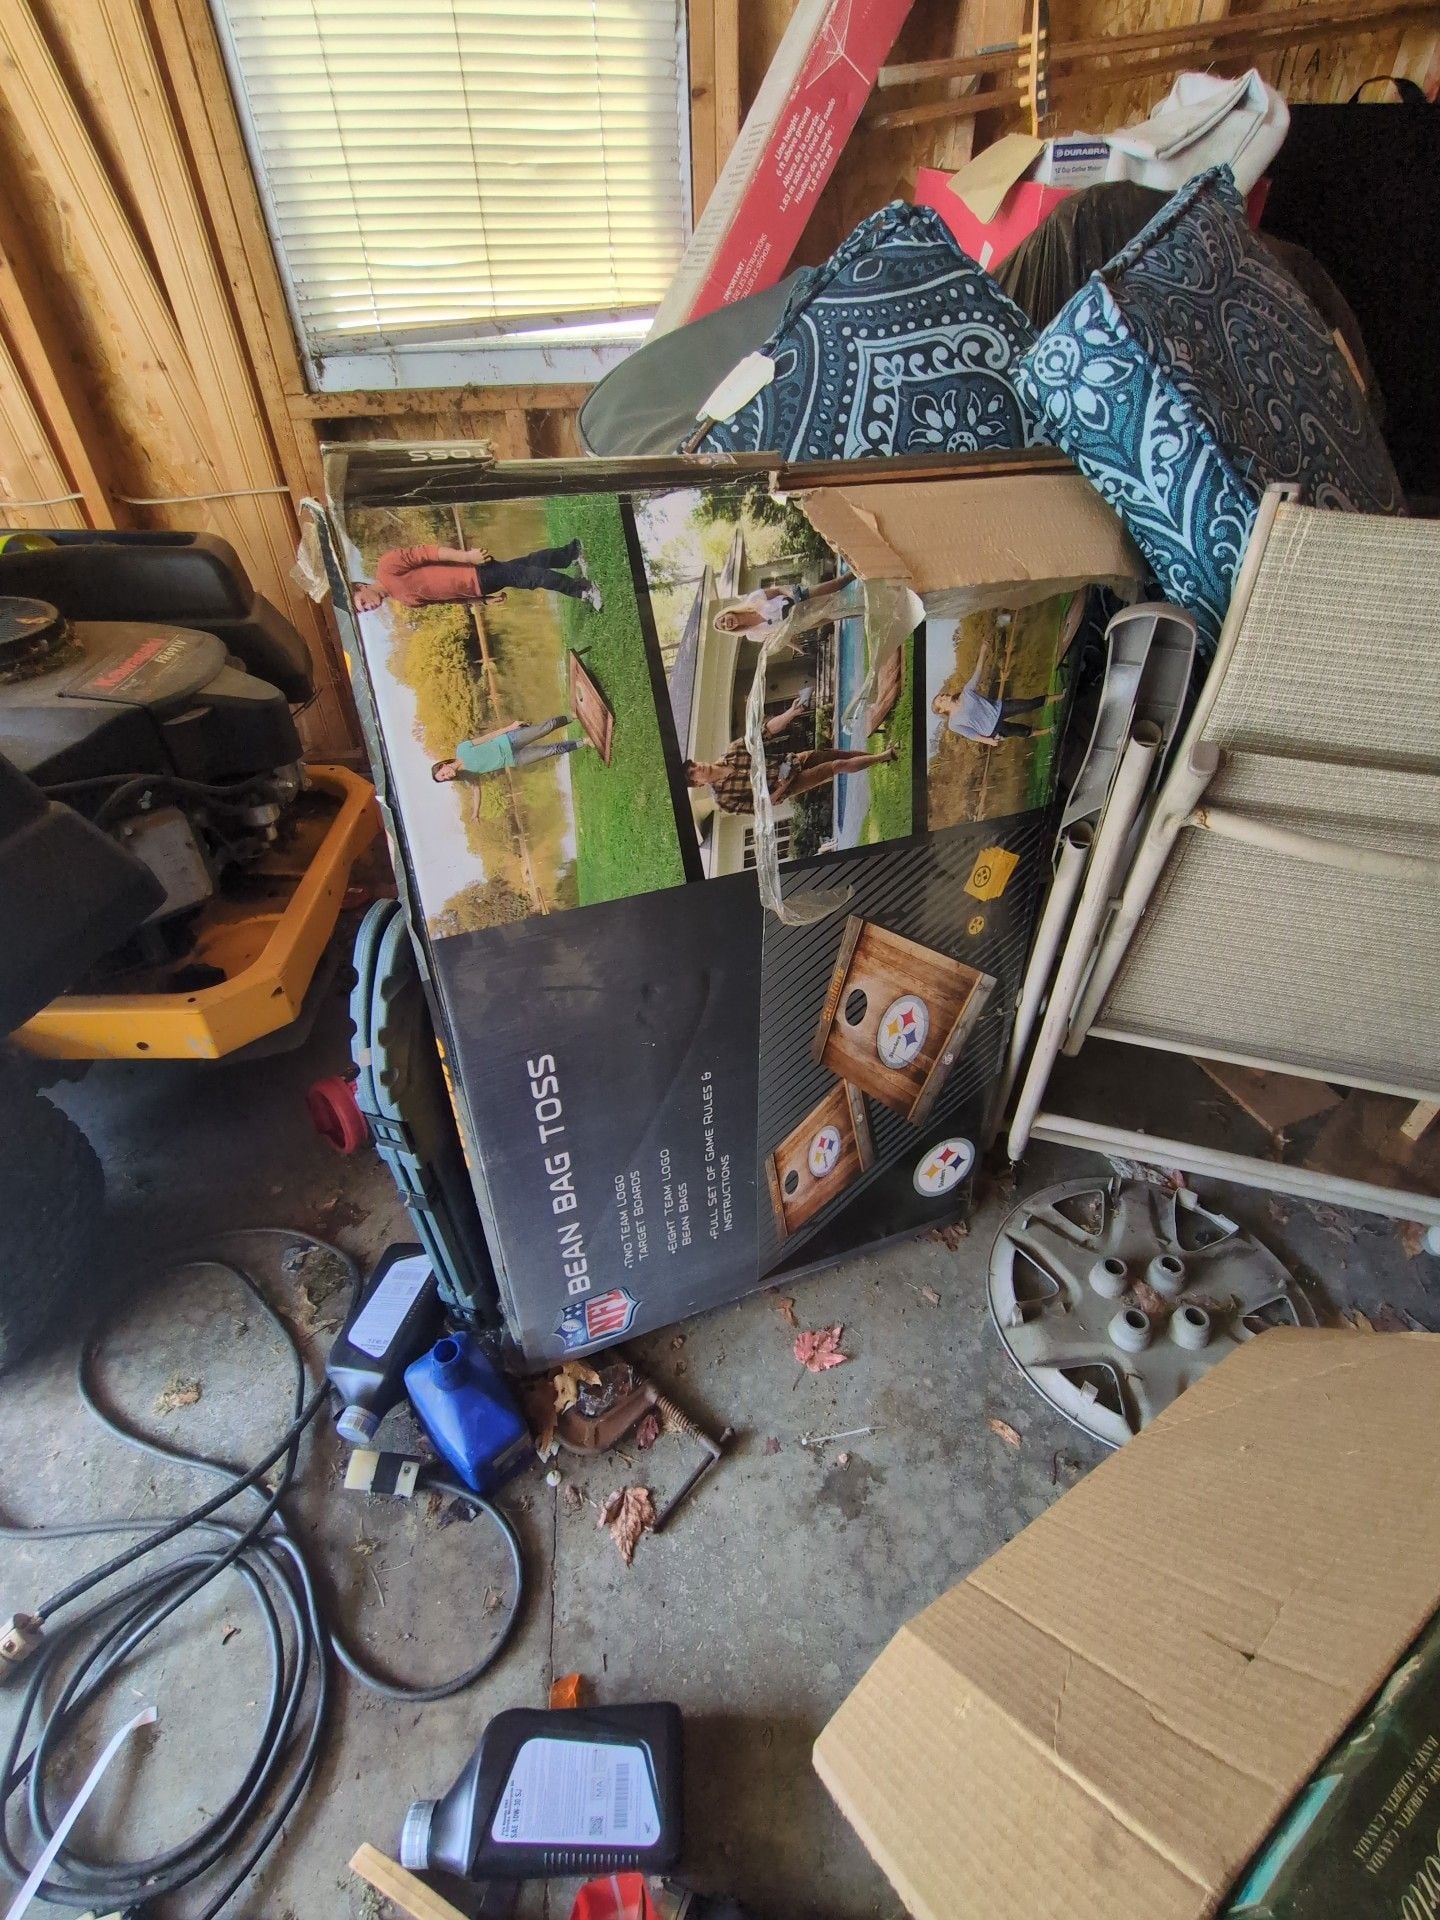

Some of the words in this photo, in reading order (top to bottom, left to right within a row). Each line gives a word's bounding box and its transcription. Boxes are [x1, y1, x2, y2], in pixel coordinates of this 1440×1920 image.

[775, 141, 787, 160] Line
[776, 168, 782, 177] 6
[779, 161, 786, 170] ft
[784, 136, 798, 163] above
[795, 106, 812, 138] ground
[779, 194, 791, 213] 1.83
[787, 185, 796, 195] m
[793, 163, 806, 187] sobre
[803, 153, 811, 164] el
[808, 133, 820, 155] nivel
[817, 119, 826, 135] del
[823, 97, 836, 121] suelo
[815, 169, 822, 179] m
[820, 158, 828, 172] du
[825, 144, 834, 159] sol
[783, 162, 797, 189] Altura
[794, 151, 802, 164] de
[799, 143, 806, 153] la
[793, 172, 812, 204] Hauteur
[810, 160, 818, 173] de
[815, 151, 822, 162] la
[820, 128, 833, 153] corde
[743, 232, 768, 278] INSTRUCTIONS
[408, 448, 493, 462] TOSS
[701, 1071, 713, 1082] &
[526, 1053, 566, 1145] TOSS
[702, 1084, 714, 1126] RULES
[659, 1148, 672, 1182] LOGO
[704, 1127, 716, 1163] GAME
[544, 1151, 578, 1215] BAG
[614, 1174, 627, 1207] LOGO
[629, 1169, 645, 1217] BOARDS
[663, 1185, 675, 1217] TEAM
[678, 1181, 690, 1213] BAGS
[707, 1185, 718, 1208] SET
[721, 1153, 733, 1232] INSTRUCTIONS
[620, 1211, 631, 1242] TEAM
[633, 1219, 649, 1262] TARGET
[682, 1215, 692, 1247] BEAN
[557, 1221, 592, 1296] BEAN
[588, 1291, 627, 1336] NFL
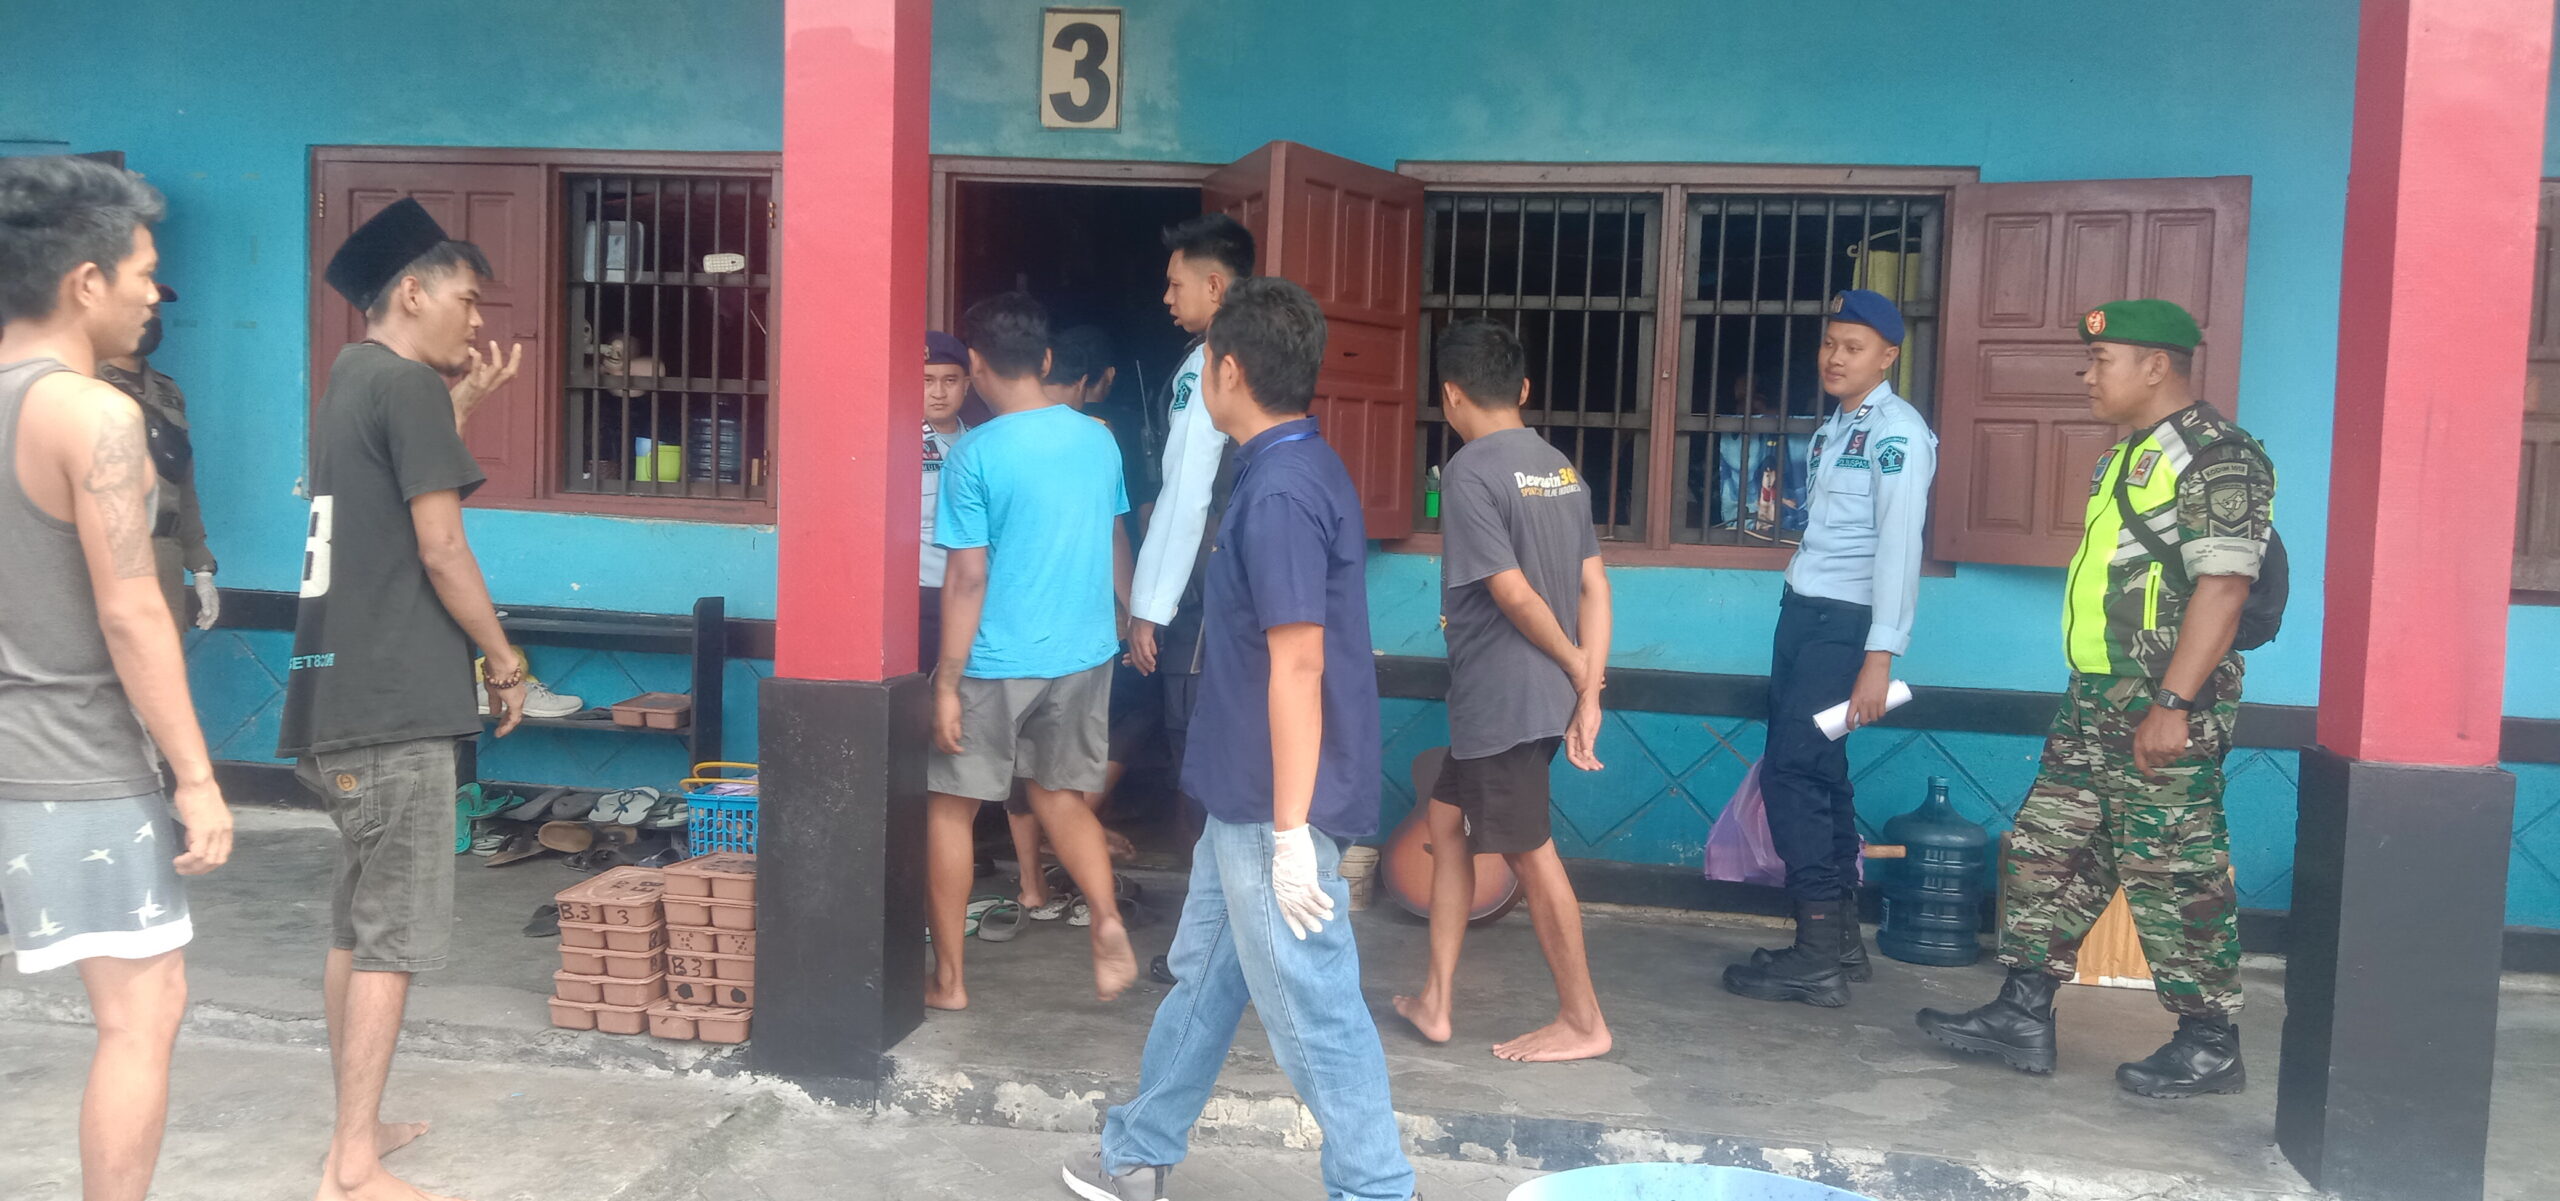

^^^^^^^^^^^^^^^^

Word for word, reproduce all of the data, but keep out the pictures.

Some of the words in this photo, in reading order (top to bottom, left to right within a row). Each line gives a word's bounding box and its transcription. Boxes are [x1, y1, x2, y2], in pixel coordinates of this 1440×1920 image.

[775, 141, 787, 160] Line
[776, 168, 782, 177] 6
[779, 161, 786, 170] ft
[784, 136, 798, 163] above
[795, 106, 812, 138] ground
[779, 194, 791, 213] 1.83
[787, 185, 796, 195] m
[793, 163, 806, 187] sobre
[803, 153, 811, 164] el
[808, 133, 820, 155] nivel
[817, 119, 826, 135] del
[823, 97, 836, 121] suelo
[815, 169, 822, 179] m
[820, 158, 828, 172] du
[825, 144, 834, 159] sol
[783, 162, 797, 189] Altura
[794, 151, 802, 164] de
[799, 143, 806, 153] la
[793, 172, 812, 204] Hauteur
[810, 160, 818, 173] de
[815, 151, 822, 162] la
[820, 128, 833, 153] corde
[743, 232, 768, 278] INSTRUCTIONS
[408, 448, 493, 462] TOSS
[701, 1071, 713, 1082] &
[526, 1053, 566, 1145] TOSS
[702, 1084, 714, 1126] RULES
[659, 1148, 672, 1182] LOGO
[704, 1127, 716, 1163] GAME
[544, 1151, 578, 1215] BAG
[614, 1174, 627, 1207] LOGO
[629, 1169, 645, 1217] BOARDS
[663, 1185, 675, 1217] TEAM
[678, 1181, 690, 1213] BAGS
[707, 1185, 718, 1208] SET
[721, 1153, 733, 1232] INSTRUCTIONS
[620, 1211, 631, 1242] TEAM
[633, 1219, 649, 1262] TARGET
[682, 1215, 692, 1247] BEAN
[557, 1221, 592, 1296] BEAN
[588, 1291, 627, 1336] NFL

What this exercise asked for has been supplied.